It’s a Diwali bonanza for employees of public sector banks as their accounts are being credited with handsome part wage arrears even before a final agreement on their wage revision is reached between the employee unions and the management. And this is happening for the first time in India’s banking history.
Public sector bank employees have been waiting for a wage revision from November 2017.
“The employees can opt-out or take the part arrear payments. If they take the part arrear, the amount credited will not be less than Rs 50,000 and may exceed Rs 100,000,” an employee of a government bank told IANS preferring anonymity.
Despite about 30 rounds of talks between the United Forum for Bank Unions (UFBU) and the Indian Banks’ Association (IBA) since 2017, a wage agreement is not in sight.
“It is really interesting to see the speed at which the bank managements are working towards payment of the part wage arrears, while the wage revision talks are moving at a snail’s pace,” he added.
On October 1, the IBA had written to all the heads of government banks and private banks, that are part of bipartite settlement, directing them to pay an ad hoc amount of the pending wage settlement equivalent to a month’s salary (Basic Pay + Dearness Allowance) and adjust it later when the final wage arrears are paid after the unions reach a settlement.
Curiously, the government had in January 2016 told Chief Executives of all public sector banks to initiate the wage revision talks and conclude them before 1.11.2017.
“The government has stolen the thunder of the unions by paying part wage arrears. Normally, the wage arrears are paid to the employees after the wage agreement is signed between the unions and the management,” he said.
“This time around, the management has offered a wage revision of 12 per cent. Since the final percentage would not go below that, the banks have decided to calculate the wage arrears and pay the employees,” the banker said.
Further, the banks have made provisions for wage revision in their accounts and it will therefore not make any major impact.
Upset at the turn of events, the UFBU wrote a letter to the IBA on October 3 saying: “The decision to pay the ad hoc amount is not just unfair, unilateral and arbitrary, but it is also a deliberate attempt to undermine the role of unions and their right of collective bargaining.”
“Though the negotiations commenced in May 2017, it was only in May 2018, a full year later that the IBA made its first offer of 12 per cent.

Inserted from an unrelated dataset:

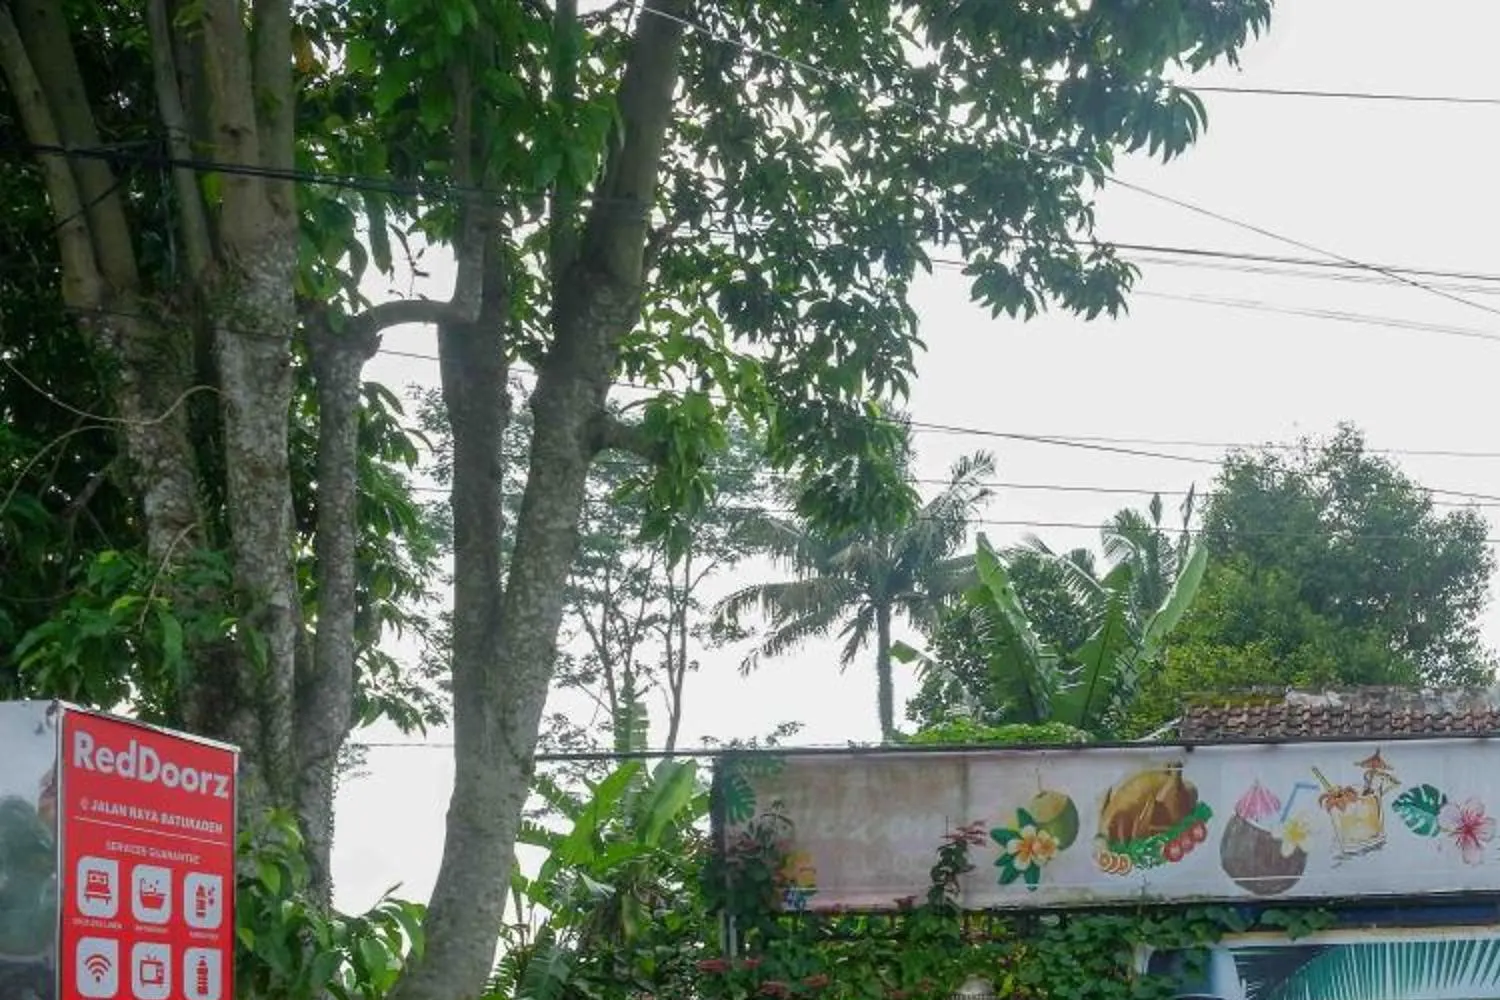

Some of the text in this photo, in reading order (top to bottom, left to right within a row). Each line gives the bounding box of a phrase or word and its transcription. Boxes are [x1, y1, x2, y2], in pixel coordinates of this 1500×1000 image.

Thus one full year of negotiations went without any offer from the IBA. This delay is sole because of the IBA and not the Unions,” the UFBU told IBA.
The UFBU in its letter added: “Suffice it to say that this goodwill gesture was absent in payment of overtime wages/compensation to employees and officers when they bore the brunt of demonetisation and suffered during the implementation of Jan Dhan Yojana. Many Bank managements are still defaulters on this.
“We have been insisting on an expedited settlement – even now we are ready to conclude a reasonable and satisfactory settlement by mutual discussion,” C.H.Venkatachalam, General Secretary, All India Bank Employees’ Association (AIBEA) told IANS.
He said the unions are aware that the economy is not doing well and the banks are facing a lot of challenges. The banks should be focusing on their business and conclude the wage settlement at the earliest.
“The last time the hike was 15 per cent. So far, the IBA has offered 12 per cent. They should improve their offer and conclude at a satisfactory level,” he added.
Meanwhile, employees of government-owned insurance companies — life and general — are complaining that they not as fortunate as their counterparts in public sector bank.
“In the banking sector, an upward revision of 12 per cent has been made. But no such offer has been made to the unions in the general insurance sector,” said K. Govindan, General Secretary, General Insurance Employees All India Association (GIEAIA).